Ten Belgian comics, vol. II

(part one here)

Here are some more gems from the voluptuous Belgian comics industry, once more in no particular order.

1. Gaston (Franquin, 1957)

When Franquin stopped working on Spirou et Fantasio - a comic he had inherited but not invented - in 1968, he found himself with more time to focus on the increasingly popular Gaston Lagaffe, a one-page humour strip based on a character he had previously introduced in Spirou et Fantasio. In the years to follow, Gaston became Franquin's most famous creation.

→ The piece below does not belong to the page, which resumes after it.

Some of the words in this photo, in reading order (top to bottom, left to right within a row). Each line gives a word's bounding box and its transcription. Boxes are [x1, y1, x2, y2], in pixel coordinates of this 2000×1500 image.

Gaston (Dutch: Guust Flater; Norwegian: Viggo) is not the muscular he-man from Beauty and the Beast, but a lazy and accident-prone office junior. His only real efforts at work go into the building of strange contraptions to make his life even more comfortable, and to entertain his friends and his pets, a cat and a seagull.

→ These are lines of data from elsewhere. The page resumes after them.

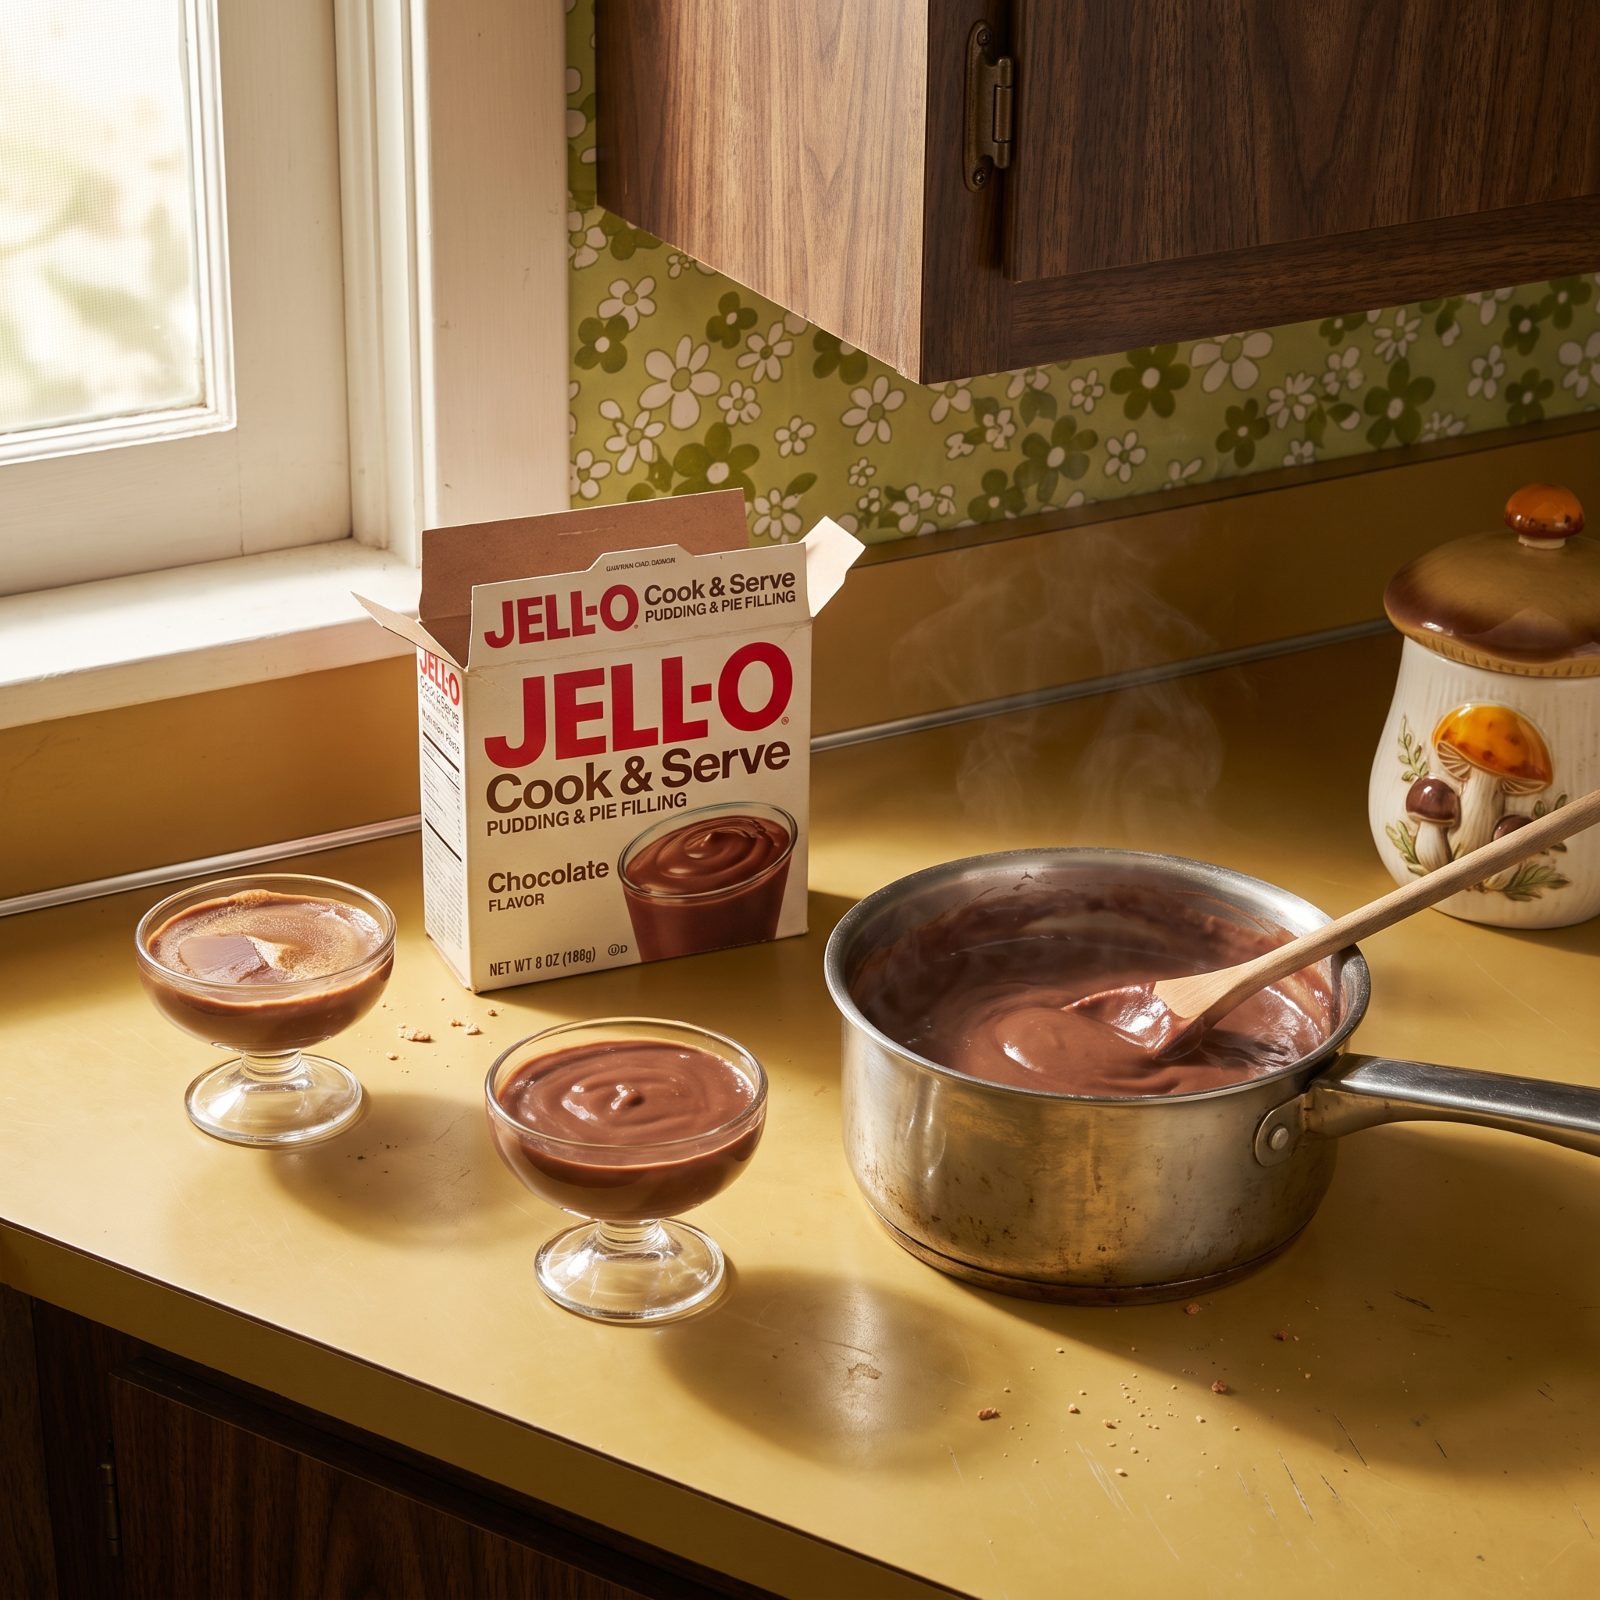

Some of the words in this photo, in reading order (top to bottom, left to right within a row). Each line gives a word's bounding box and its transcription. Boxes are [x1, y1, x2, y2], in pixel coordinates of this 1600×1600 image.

[644, 580, 705, 606] Cook
[709, 576, 726, 597] &
[730, 571, 796, 592] Serve
[645, 595, 706, 623] PUDDING
[709, 601, 720, 614] &
[721, 595, 742, 613] PIE
[745, 590, 796, 609] FILLING
[484, 584, 639, 649] JELL-O
[419, 650, 460, 706] JELL-O
[484, 642, 793, 769] JELL-O
[486, 761, 613, 813] Cook
[620, 755, 653, 795] &
[661, 741, 791, 788] Serve
[487, 810, 570, 836] PUDDING
[573, 810, 586, 825] &
[589, 802, 617, 822] PIE
[621, 792, 687, 817] FILLING
[488, 860, 609, 894] Chocolate
[488, 893, 545, 912] FLAVOR
[490, 961, 511, 977] NET
[514, 957, 532, 973] WT
[535, 956, 542, 970] 8
[545, 952, 560, 968] OZ
[562, 946, 596, 967] (188g)

Gaston's creations include: the Gaffophone, a monstrous musical instrument that makes the floor collapse at the plucking of a string; chewing gum for animals; a recipe for strawberry cod; and a suit of armour for mice.

Although only a few pages have been translated into English, the comic has been released in many countries including Spain, Portugal, Norway, Denmark, Iceland, Finland, Turkey, Germany, Sweden, and Greece.

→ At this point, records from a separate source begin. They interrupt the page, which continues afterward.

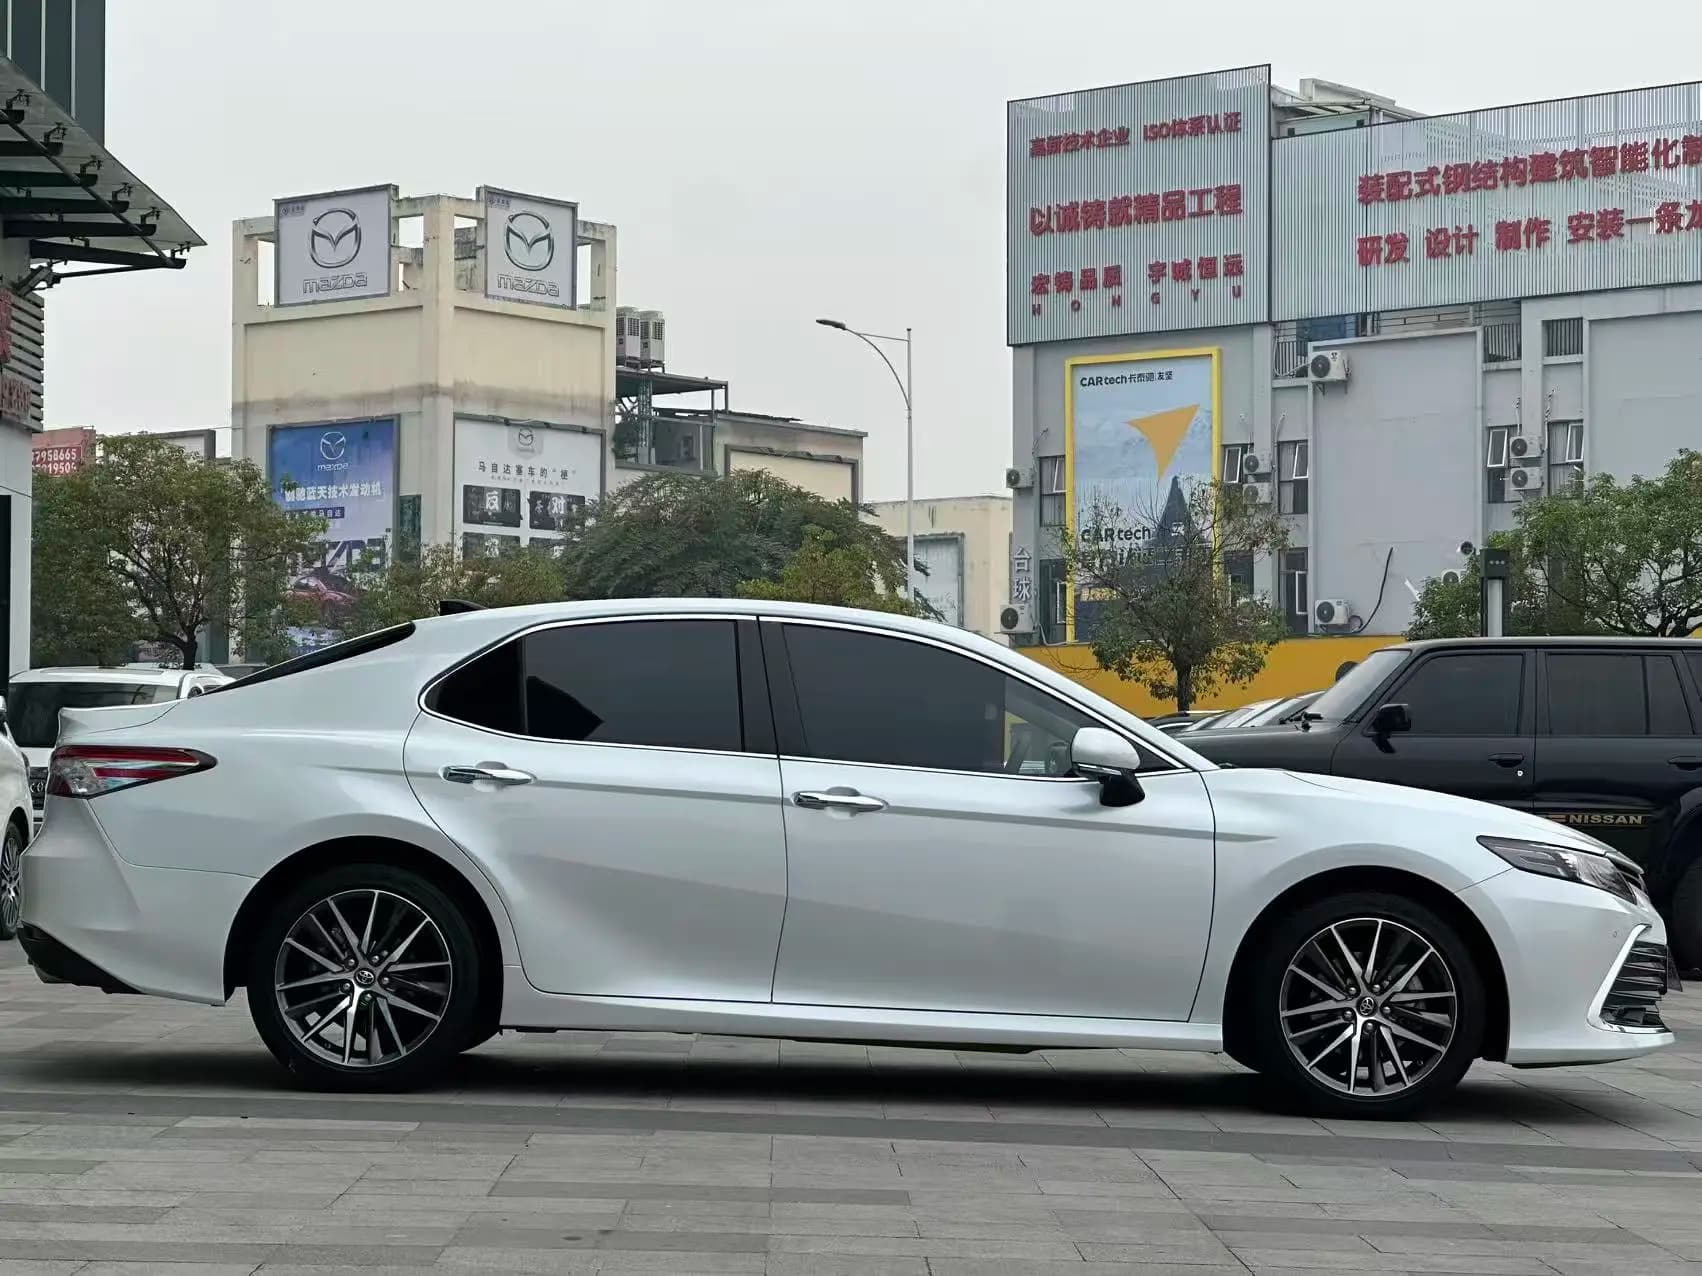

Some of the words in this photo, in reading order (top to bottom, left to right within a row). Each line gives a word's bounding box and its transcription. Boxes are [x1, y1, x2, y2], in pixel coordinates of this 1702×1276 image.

[1030, 183, 1242, 237] 以诚铸就精品工程
[1357, 233, 1410, 267] 研发
[1425, 224, 1479, 260] 设计
[1494, 217, 1551, 252] 制作
[32, 448, 77, 464] 7958665
[1569, 814, 1643, 825] NISSAN

Gaston playing his gaffophone. (Source)

2. Marsupilami (Franquin, 1952)

Franquin introduced Marsupilami in Spirou et Fantasio, where it acted as a pet for the lead characters. It disappeared from the series along with Franquin in 1968, but was revived in 1987 in an eponymous album series drawn by Batem (Luc Collin). Stéphane Colman has written the comic since 2006.

The Marsupilami comic does not feature Spirou and Fantasio's pet, but another member of the species which lives in the jungles of its native South America with its family. It has an incredibly long, strong and flexible tail which it uses in a variety of ways (perhaps most notably as a hammer for self-defence). In many of the stories, Marsupilami has to defend himself and his family against humans intruding in the jungle.

As with the Smurfs, Marsupilami's likeness can be found in all kinds of merchandise: buttons, pins, figurines, teacups, etc. (I still have a Marupilami plush toy lying around somewhere.) The comic has also spawned two animated series, one in French and one in English which was produced by Disney.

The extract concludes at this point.